## Exercise goal
Word for word, reproduce the records, keeping none of the pictures.

[Annotated photo localization data]

******************************

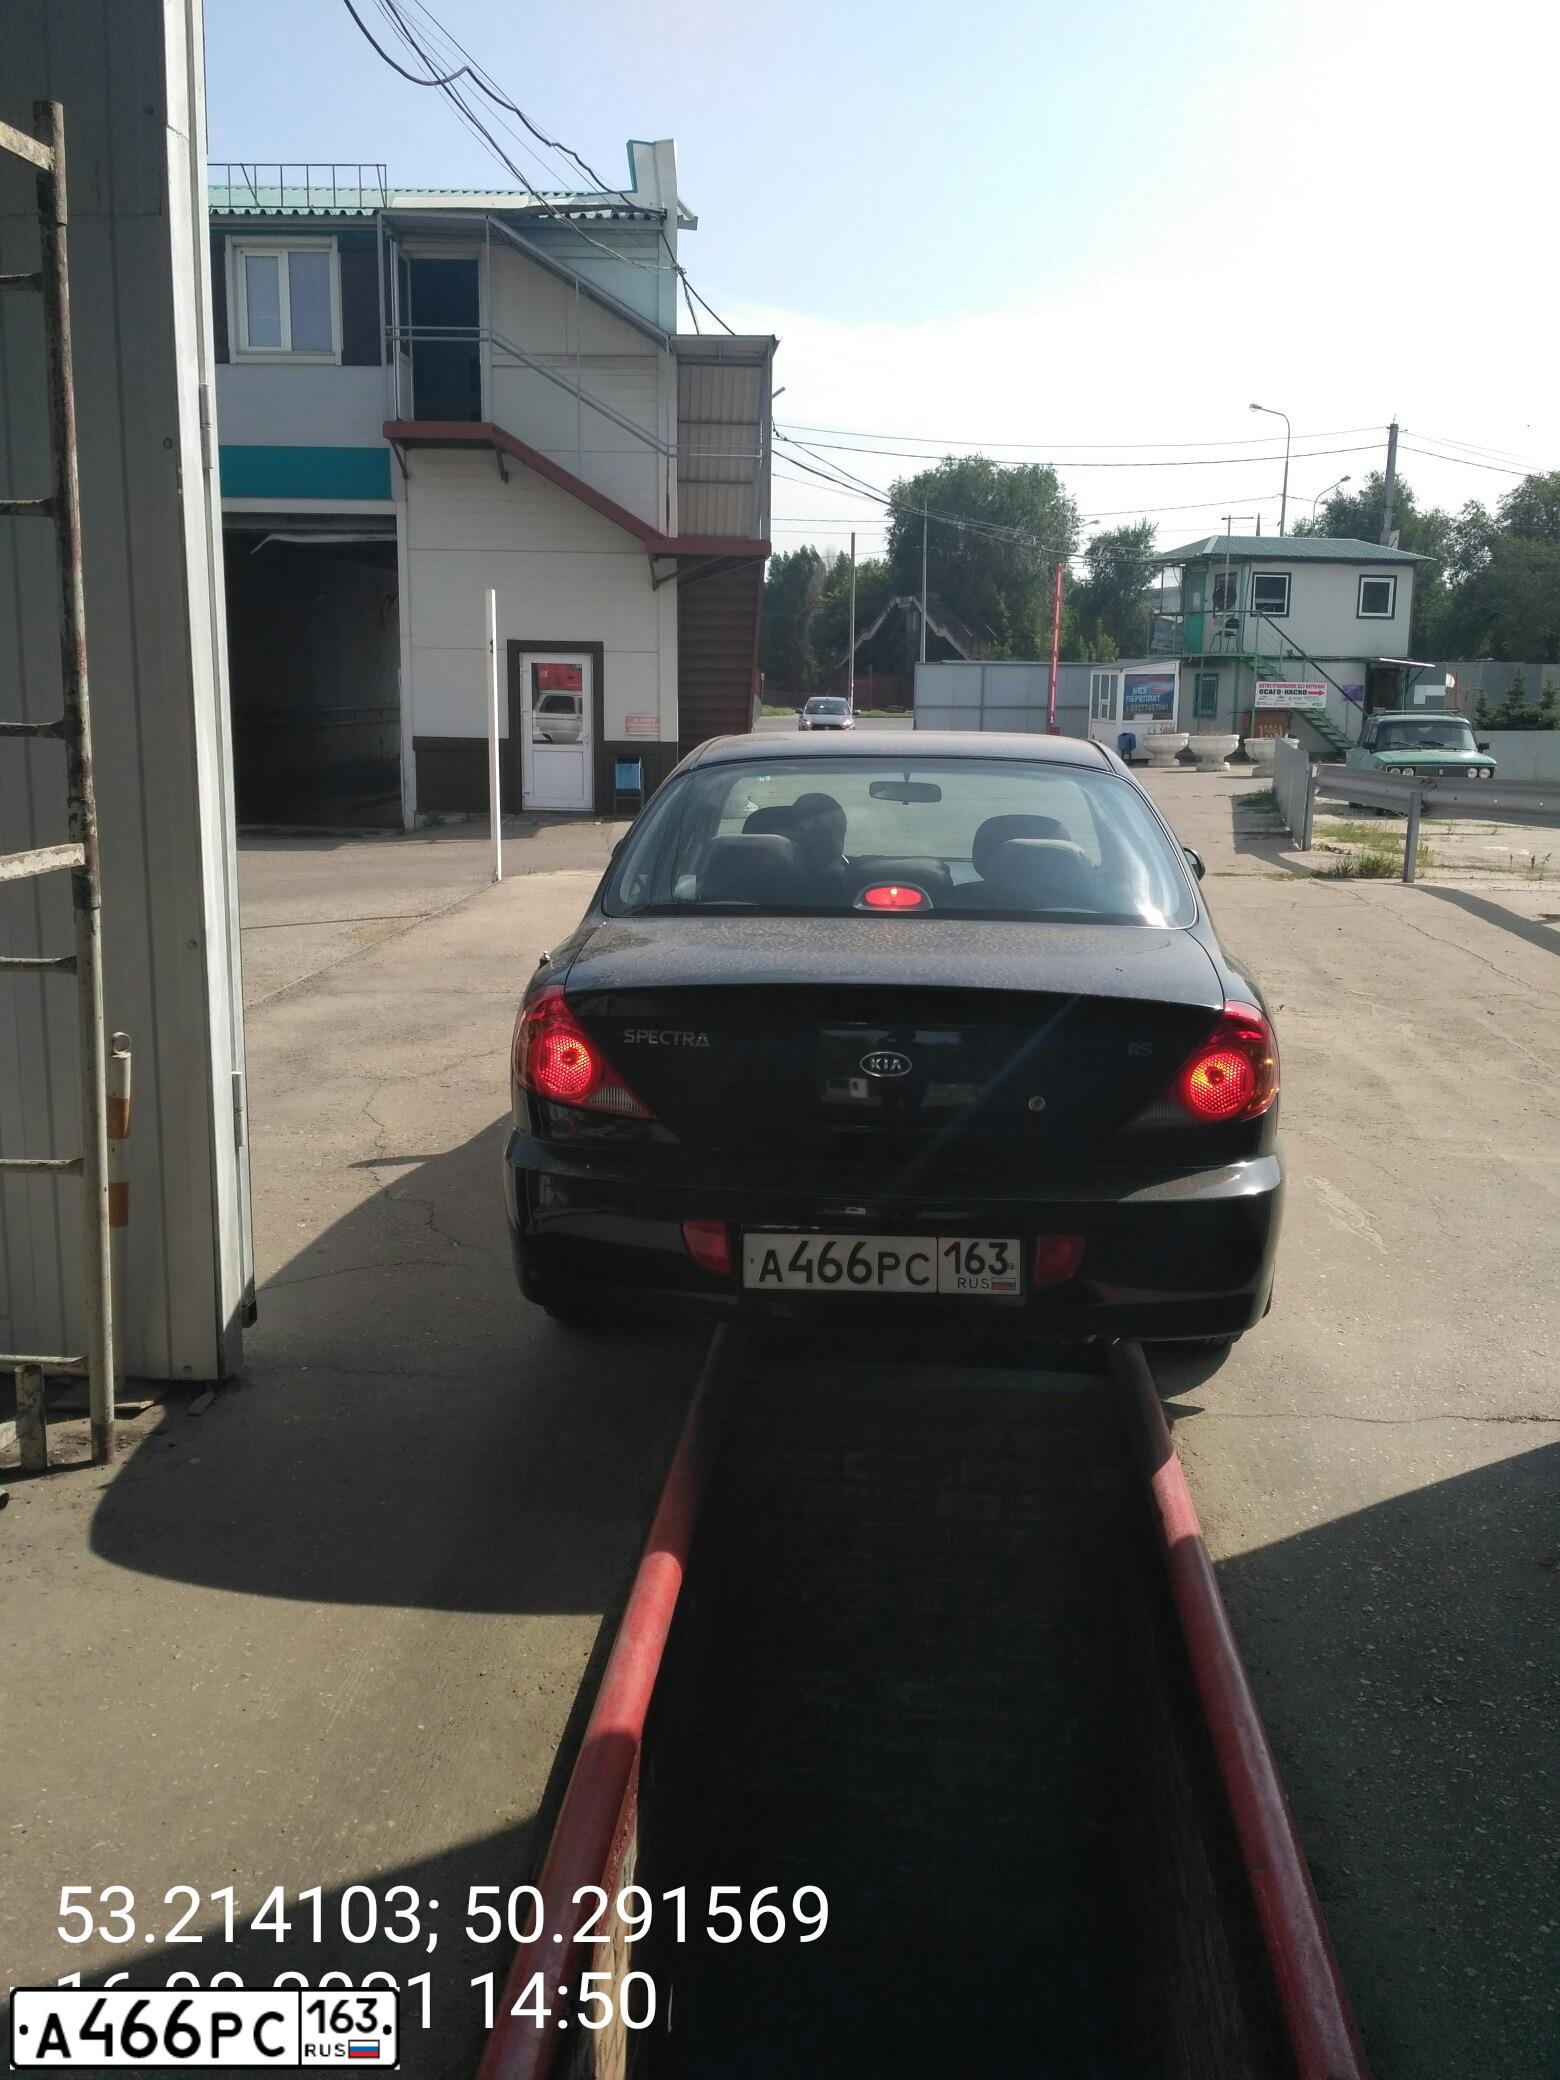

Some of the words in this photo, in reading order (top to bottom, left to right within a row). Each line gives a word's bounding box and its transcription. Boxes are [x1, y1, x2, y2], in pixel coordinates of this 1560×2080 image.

[1132, 686, 1147, 695] БЕЗ
[623, 1028, 711, 1048] SPECTRA
[871, 1057, 902, 1071] KIA
[943, 1241, 1009, 1276] 163
[957, 1277, 991, 1290] RUS
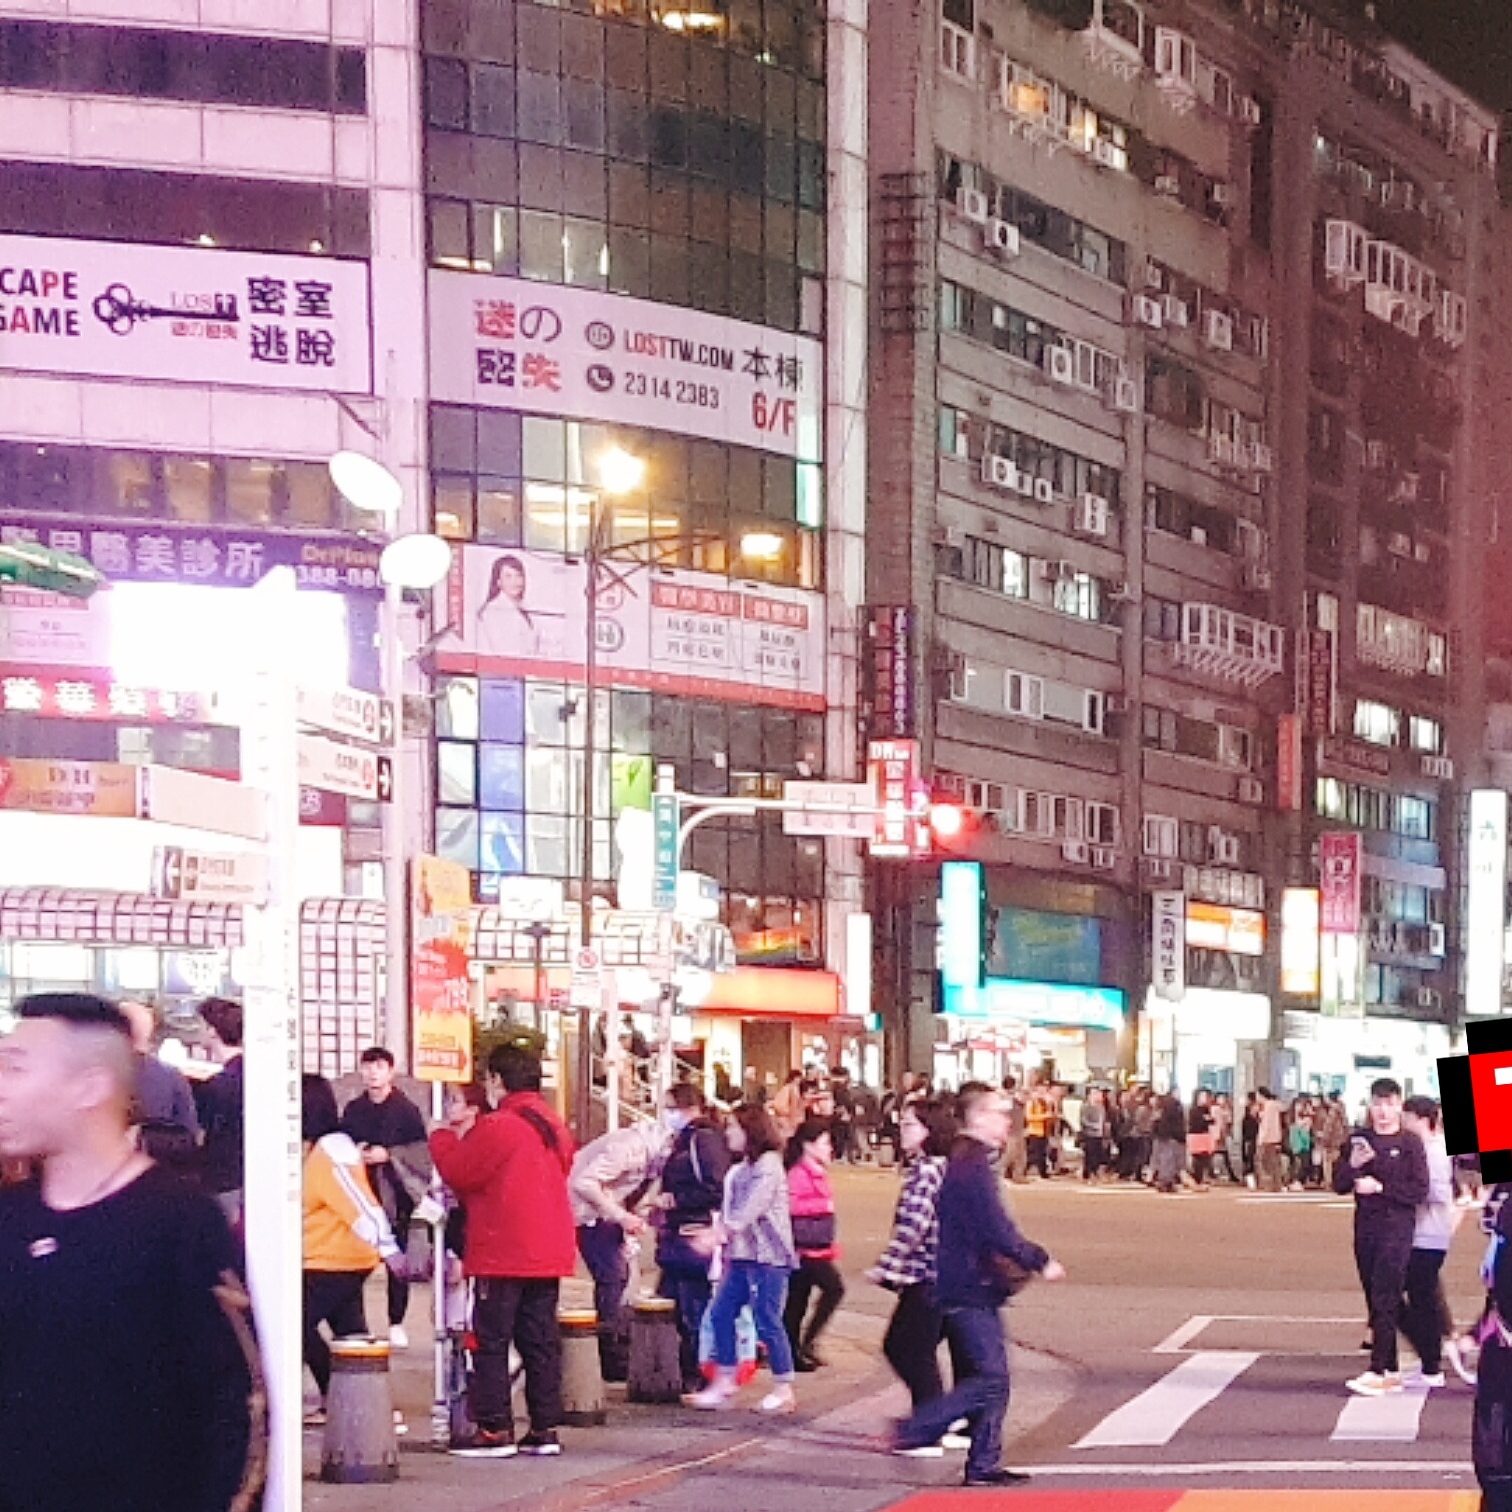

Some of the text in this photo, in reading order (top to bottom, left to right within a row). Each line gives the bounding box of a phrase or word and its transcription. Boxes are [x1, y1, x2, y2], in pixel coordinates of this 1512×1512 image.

[0, 267, 78, 299] CAPE
[247, 276, 333, 318] 密室
[624, 328, 733, 370] LOSTTW.COM
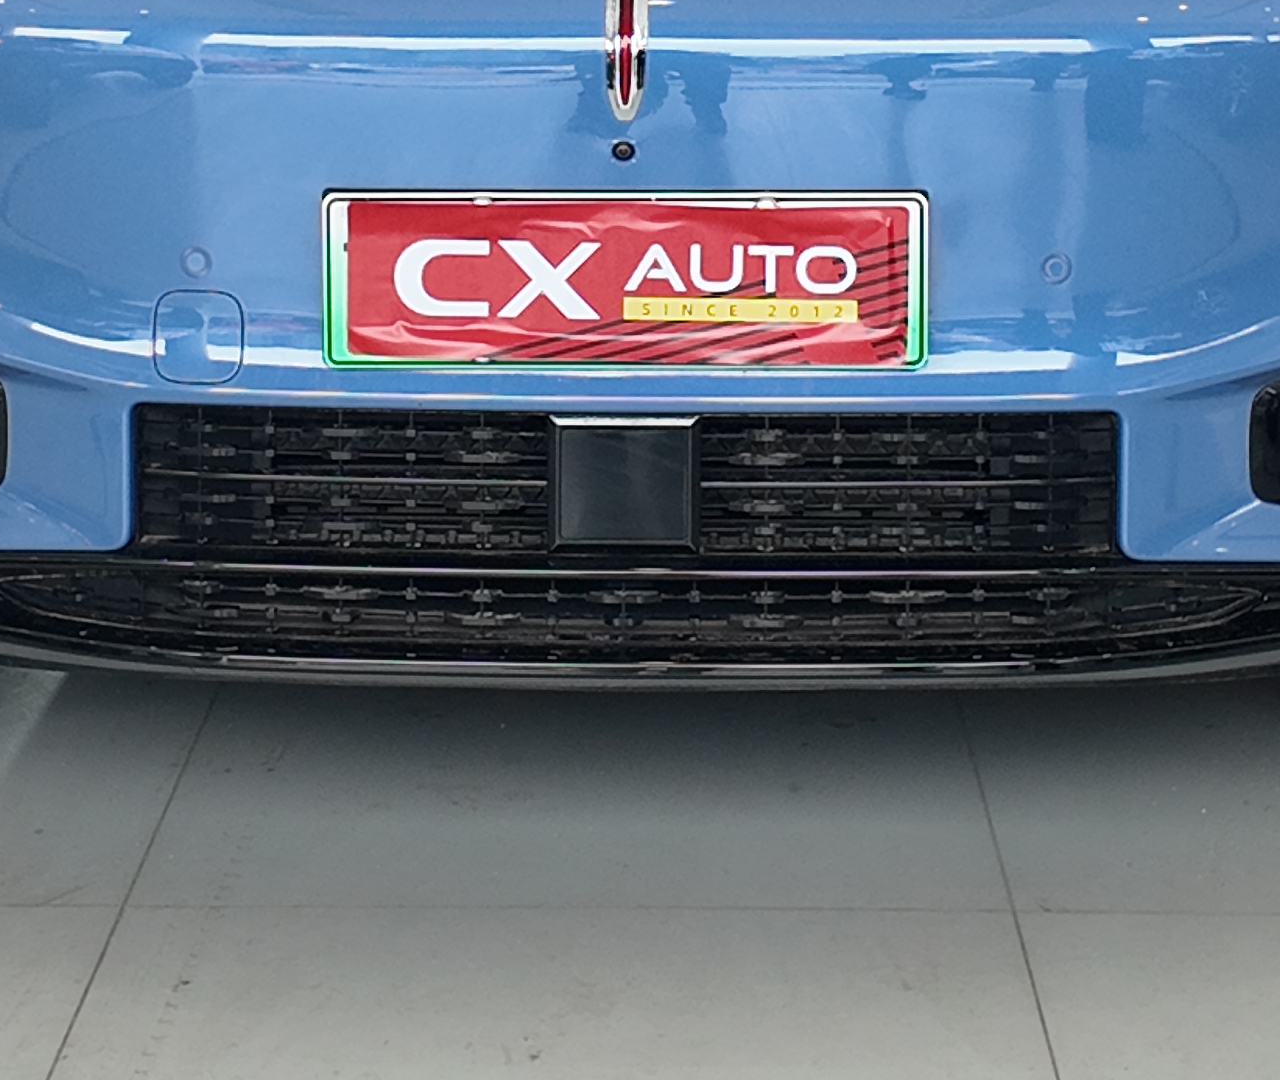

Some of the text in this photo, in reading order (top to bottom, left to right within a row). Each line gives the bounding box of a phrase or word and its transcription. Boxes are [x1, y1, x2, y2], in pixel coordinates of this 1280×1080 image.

[393, 239, 858, 320] CX AUTO
[642, 303, 844, 317] SINCE 2012

******************************

## Response box
Some of the words in this photo, in reading order (top to bottom, left to right within a row). Each line gives a word's bounding box and its transcription. Boxes are [x1, y1, x2, y2], in pixel coordinates of this 1560×2080 image.

[1132, 686, 1147, 695] БЕЗ
[623, 1028, 711, 1048] SPECTRA
[871, 1057, 902, 1071] KIA
[943, 1241, 1009, 1276] 163
[957, 1277, 991, 1290] RUS

Some of the text in this photo, in reading order (top to bottom, left to right within a row). Each line gives the bounding box of a phrase or word and its transcription. Boxes are [x1, y1, x2, y2], in pixel coordinates of this 1512×1512 image.

[0, 267, 78, 299] CAPE
[247, 276, 333, 318] 密室
[624, 328, 733, 370] LOSTTW.COM

Some of the text in this photo, in reading order (top to bottom, left to right within a row). Each line gives the bounding box of a phrase or word and its transcription. Boxes are [x1, y1, x2, y2], in pixel coordinates of this 1280×1080 image.

[393, 239, 858, 320] CX AUTO
[642, 303, 844, 317] SINCE 2012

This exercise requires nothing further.